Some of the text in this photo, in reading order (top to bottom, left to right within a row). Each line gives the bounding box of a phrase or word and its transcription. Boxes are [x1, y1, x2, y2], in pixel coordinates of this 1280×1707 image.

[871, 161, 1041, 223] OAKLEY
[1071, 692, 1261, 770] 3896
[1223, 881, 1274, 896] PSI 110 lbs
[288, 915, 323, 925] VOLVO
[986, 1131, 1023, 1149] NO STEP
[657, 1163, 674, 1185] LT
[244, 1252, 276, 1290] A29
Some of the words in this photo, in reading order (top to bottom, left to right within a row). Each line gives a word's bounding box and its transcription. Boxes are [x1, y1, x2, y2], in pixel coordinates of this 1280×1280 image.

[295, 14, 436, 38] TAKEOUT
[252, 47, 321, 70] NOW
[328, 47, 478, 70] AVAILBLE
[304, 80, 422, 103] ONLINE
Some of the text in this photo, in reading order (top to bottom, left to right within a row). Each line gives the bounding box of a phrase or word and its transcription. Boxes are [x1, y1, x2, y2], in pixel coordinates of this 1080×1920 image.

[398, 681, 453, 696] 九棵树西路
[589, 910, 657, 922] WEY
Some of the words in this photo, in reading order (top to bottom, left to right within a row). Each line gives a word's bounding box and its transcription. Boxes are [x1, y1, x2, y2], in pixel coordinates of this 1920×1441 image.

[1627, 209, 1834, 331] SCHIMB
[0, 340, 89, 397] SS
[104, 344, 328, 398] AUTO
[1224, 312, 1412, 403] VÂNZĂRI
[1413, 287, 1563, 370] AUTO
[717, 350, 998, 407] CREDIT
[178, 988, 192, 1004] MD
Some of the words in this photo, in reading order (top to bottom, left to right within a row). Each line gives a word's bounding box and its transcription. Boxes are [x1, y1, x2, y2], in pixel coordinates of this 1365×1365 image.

◆ **WHAT IS REQUIRED**:
An unaltered transcription of all the data above is needed.

◆ **OUTPUT OF THE EXERCISE**:
Some of the text in this photo, in reading order (top to bottom, left to right within a row). Each line gives the bounding box of a phrase or word and its transcription. Boxes are [x1, y1, x2, y2], in pixel coordinates of this 1280×1707 image.

[871, 161, 1041, 223] OAKLEY
[1071, 692, 1261, 770] 3896
[1223, 881, 1274, 896] PSI 110 lbs
[288, 915, 323, 925] VOLVO
[986, 1131, 1023, 1149] NO STEP
[657, 1163, 674, 1185] LT
[244, 1252, 276, 1290] A29
Some of the words in this photo, in reading order (top to bottom, left to right within a row). Each line gives a word's bounding box and its transcription. Boxes are [x1, y1, x2, y2], in pixel coordinates of this 1280×1280 image.

[295, 14, 436, 38] TAKEOUT
[252, 47, 321, 70] NOW
[328, 47, 478, 70] AVAILBLE
[304, 80, 422, 103] ONLINE
Some of the text in this photo, in reading order (top to bottom, left to right within a row). Each line gives the bounding box of a phrase or word and its transcription. Boxes are [x1, y1, x2, y2], in pixel coordinates of this 1080×1920 image.

[398, 681, 453, 696] 九棵树西路
[589, 910, 657, 922] WEY
Some of the words in this photo, in reading order (top to bottom, left to right within a row). Each line gives a word's bounding box and its transcription. Boxes are [x1, y1, x2, y2], in pixel coordinates of this 1920×1441 image.

[1627, 209, 1834, 331] SCHIMB
[0, 340, 89, 397] SS
[104, 344, 328, 398] AUTO
[1224, 312, 1412, 403] VÂNZĂRI
[1413, 287, 1563, 370] AUTO
[717, 350, 998, 407] CREDIT
[178, 988, 192, 1004] MD
Some of the words in this photo, in reading order (top to bottom, left to right within a row). Each line gives a word's bounding box and its transcription. Boxes are [x1, y1, x2, y2], in pixel coordinates of this 1365×1365 image.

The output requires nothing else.